CW: spoilers
“Jason Bourne” underwhelmed to the point of laughable ridiculousness.
The film opens with Bourne making a living by taking part in savage, bare-knuckle fighting bouts in Greece. Why? No reason. Is there a prolonged bare-knuckle fight scene later in the film? Nope. Except, perhaps, when someone hits Bourne in the head with a 20-pound barbell, he pops back up and decks them cold with his fist. Sure, that’s relatable.
The plot in Jason Bourne is that Bourne is on the run from CIA hit squads as he tries to recover from his amnesia to discover hidden truths about his past. Gosh, where have I heard that plot before? Oh yes, from the four previous Bourne films and all of Robert Ludlum’s Bourne books.

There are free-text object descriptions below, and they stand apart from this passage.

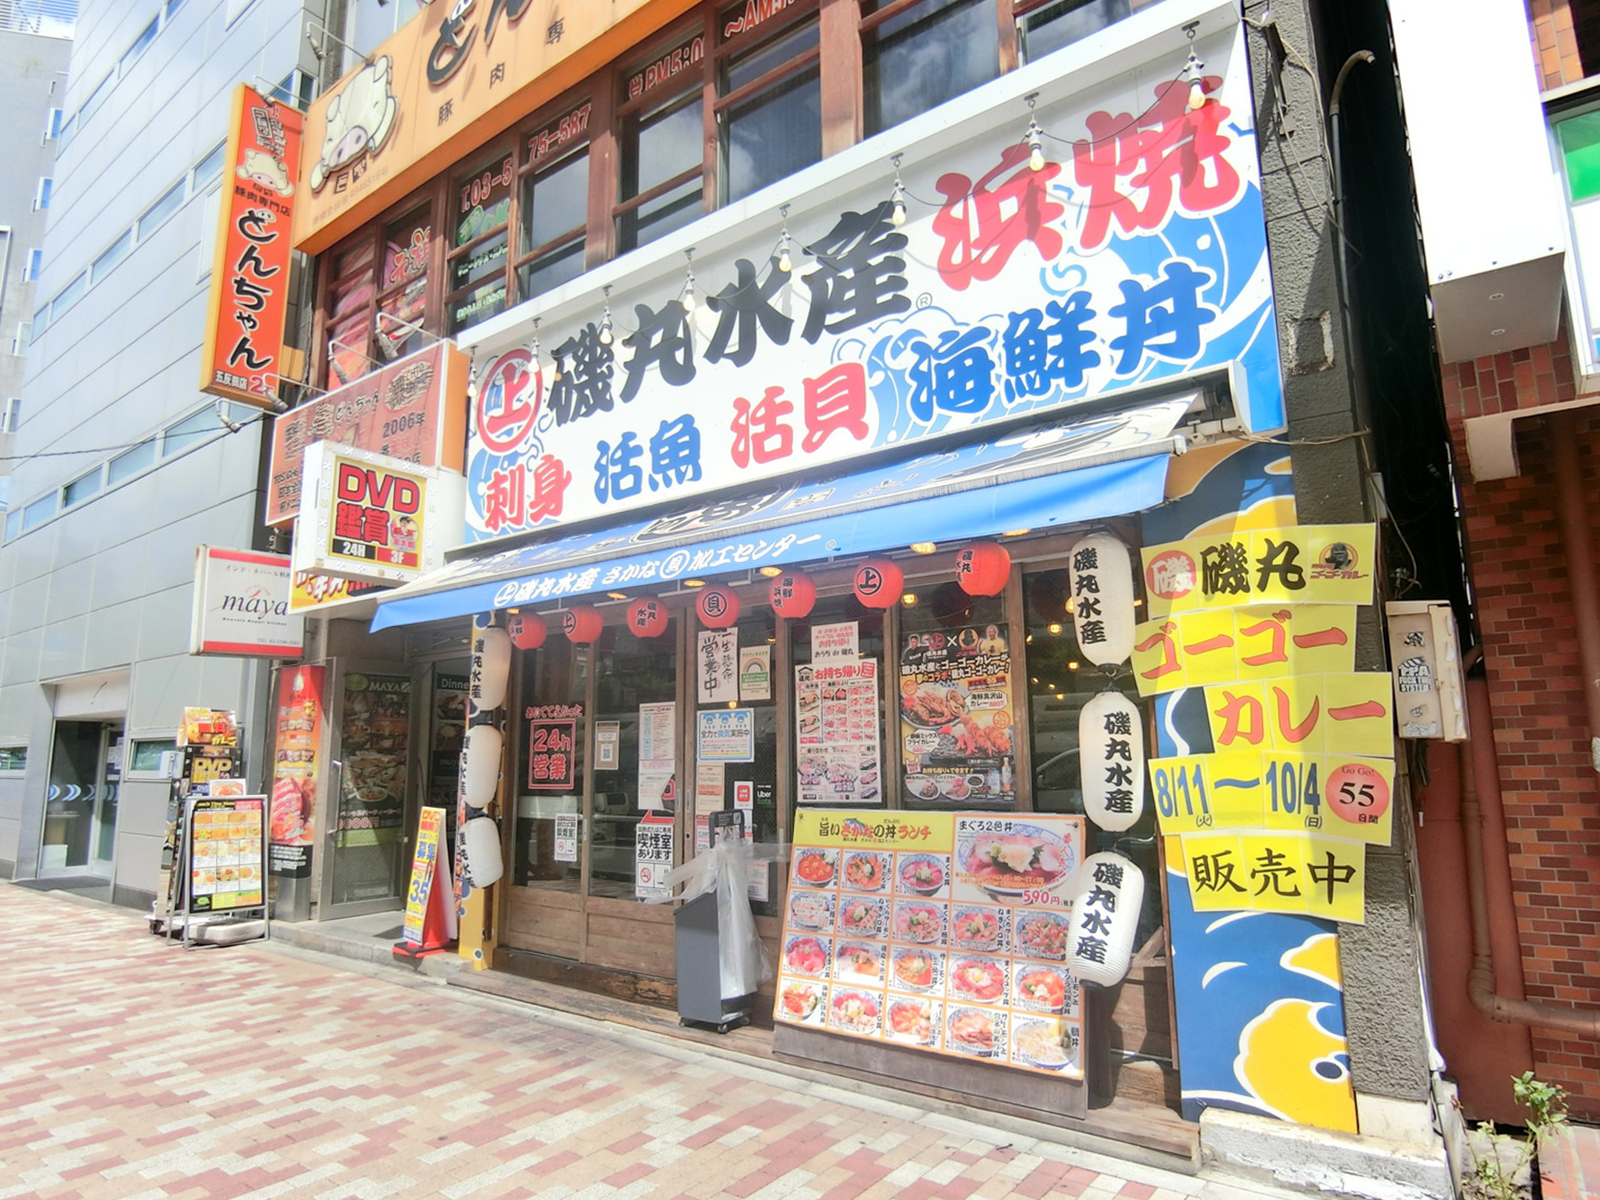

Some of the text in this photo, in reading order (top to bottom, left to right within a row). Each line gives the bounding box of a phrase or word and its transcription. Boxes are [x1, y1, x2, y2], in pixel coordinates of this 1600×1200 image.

[932, 76, 1240, 291] 浜焼
[226, 209, 281, 369] どんちゃん
[548, 200, 912, 427] 磯丸水産
[485, 261, 1216, 531] 刺身 活魚 活貝 海鮮丼
[383, 411, 425, 438] 2006年
[338, 463, 420, 515] DVD
[336, 501, 390, 546] 鑑賞
[342, 542, 366, 557] 24H
[390, 550, 405, 564] 3F
[1200, 538, 1306, 597] 磯丸
[222, 594, 289, 620] maya
[1073, 547, 1107, 645] 磯丸水産
[701, 636, 719, 698] 営業中
[1134, 609, 1347, 680] ゴーゴー
[815, 665, 861, 680] お持ち帰り
[534, 728, 571, 751] 24h
[1214, 686, 1386, 745] カレー
[533, 754, 567, 780] 営業
[1104, 711, 1133, 814] 磯丸水産
[1341, 766, 1375, 776] Go Go!
[1154, 763, 1209, 818] 8/11
[1266, 761, 1321, 815] 10/4
[1338, 782, 1375, 807] 55
[638, 833, 672, 849] 喫煙室
[959, 820, 1013, 832] まぐろ2色丼
[1358, 813, 1379, 824] 日間
[638, 849, 672, 860] あります
[1191, 848, 1357, 905] 販売中
[1075, 862, 1124, 964] 磯丸水産

The film introduces levels of technology that it then parodies to the point of laugh-out-loud ineptness. For example, with a stroke of a few keys, the CIA can access every computer, cell phone, and traffic camera in the world. Using facial recognition software with a gender and age range program, the computer can scan thousands of faces in a busy train station hub using CCTV cameras to pinpoint the exact person they’re searching for in under 10 seconds. Later, that same technology in that super-secret government location cannot detect when a CIA agent sends an unencrypted text message to Bourne warning him that a hit squad is 2 minutes from his location.
As the film progresses, the CIA laments that it’s lost track of Bourne after a chase in Berlin. Well, gosh, fellas, why don’t you use your hack-ability and remarkable facial recognition software to find him? But maybe they can’t because Bourne wears a baseball cap when walking through cities and airports. So that’s how spies evade detection!

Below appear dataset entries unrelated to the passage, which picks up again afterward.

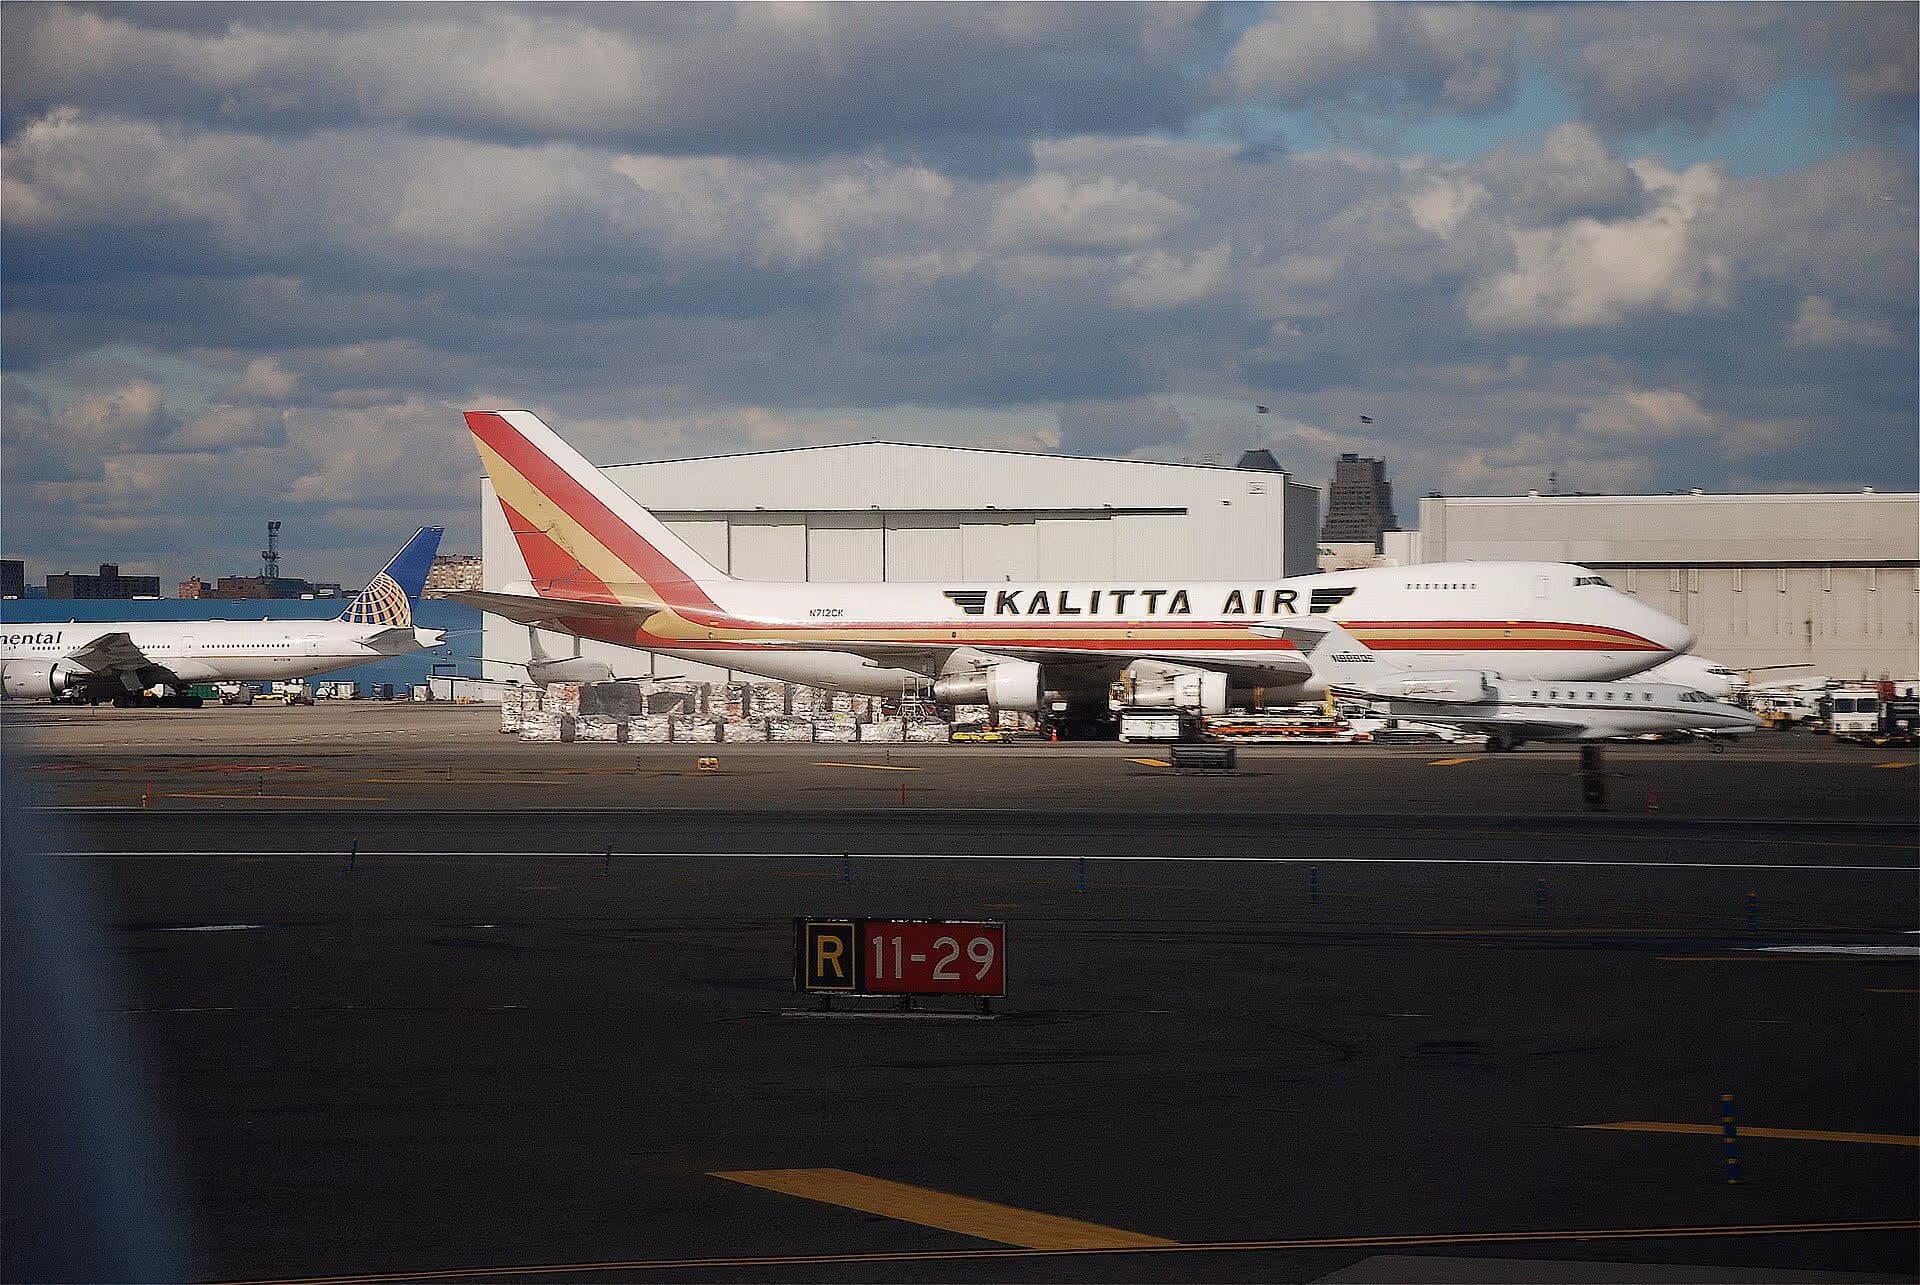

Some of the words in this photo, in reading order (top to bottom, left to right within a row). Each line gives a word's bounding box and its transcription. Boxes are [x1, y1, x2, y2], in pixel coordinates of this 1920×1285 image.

[809, 608, 844, 617] N712CK
[995, 589, 1191, 615] KALITTA
[1222, 589, 1298, 615] AIR
[817, 935, 844, 978] R
[872, 935, 995, 981] 11-29

After every main character not named Bourne descends on Vegas for a privacy rights convention, the CIA is shocked — shocked! — to discover that Bourne somehow made it to Vegas undetected. The CIA director is dumbfounded how a super agent trained to be a ghost and assume a thousand different identities could get through airport customs. <eye roll>
Cue the chase scenes. But there’s no point trying to explain the scenes when you can direct them yourself. Cover your phone in bubble wrap and throw it down a flight of stairs. Congratulations, you’re director Paul Greengrass. Now, take that footage and give it to your blind cousin who suffers from grand mal seizures. Congratulations, that’s the film’s editor. I’m sure the chase scenes were epic and the final fight scene tense. But I had to use my imagination because five edits every second shows me nothing except a strobe-like effect. What a disappointment.